→ Exercise objective: Verbatim output of the lines below is required, with the images omitted.

→ Information provided:
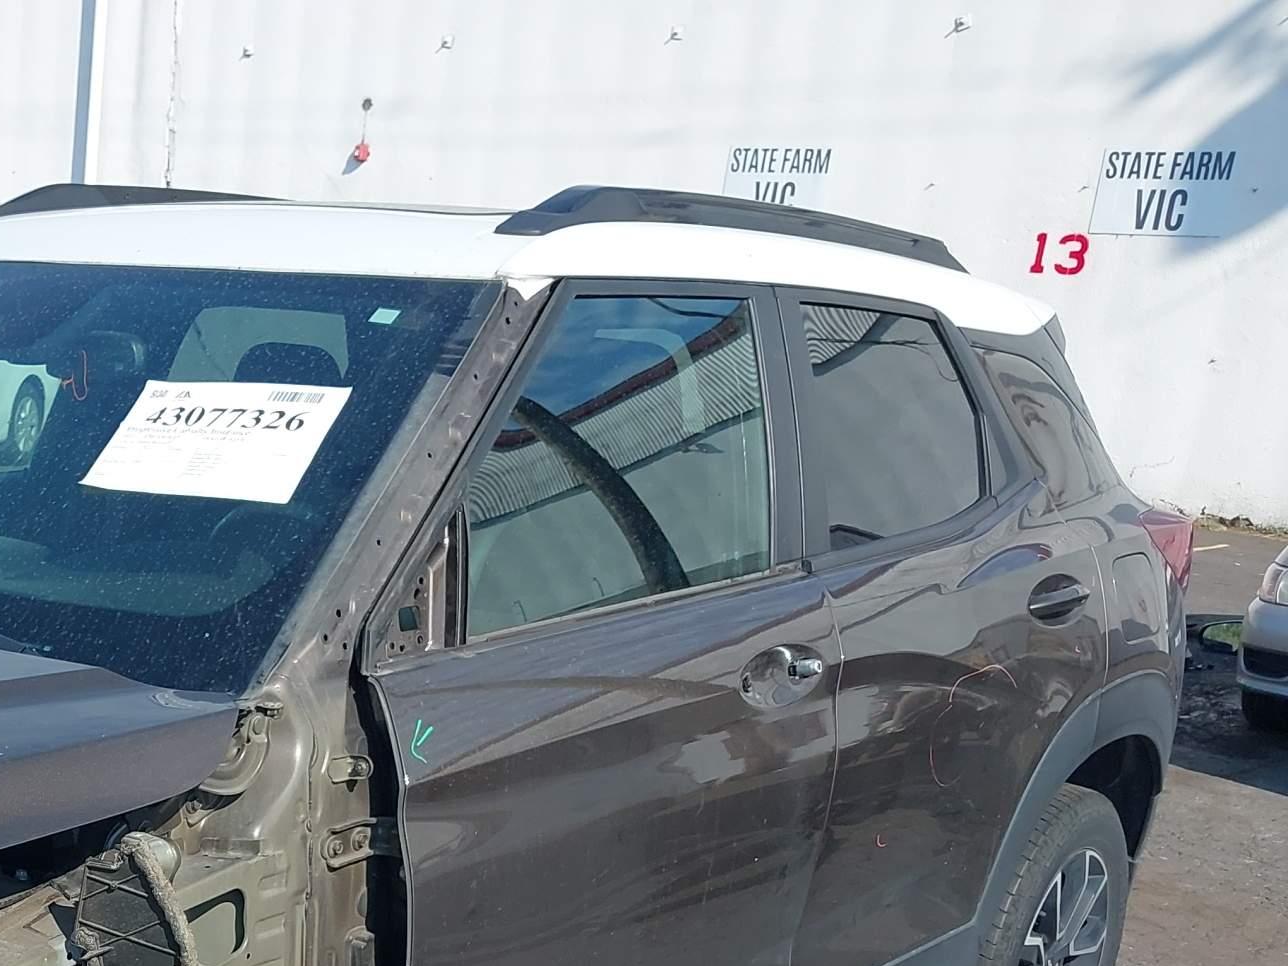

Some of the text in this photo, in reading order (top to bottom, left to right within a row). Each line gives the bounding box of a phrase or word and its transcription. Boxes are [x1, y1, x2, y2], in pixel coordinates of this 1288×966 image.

[731, 148, 832, 174] STATE FARM
[1105, 151, 1237, 180] STATE FARM
[1134, 189, 1189, 232] VIC
[1029, 232, 1090, 276] 13
[145, 405, 311, 431] 43077326

→ Result for this exercise:
Some of the text in this photo, in reading order (top to bottom, left to right within a row). Each line gives the bounding box of a phrase or word and its transcription. Boxes are [x1, y1, x2, y2], in pixel coordinates of this 1288×966 image.

[731, 148, 832, 174] STATE FARM
[1105, 151, 1237, 180] STATE FARM
[1134, 189, 1189, 232] VIC
[1029, 232, 1090, 276] 13
[145, 405, 311, 431] 43077326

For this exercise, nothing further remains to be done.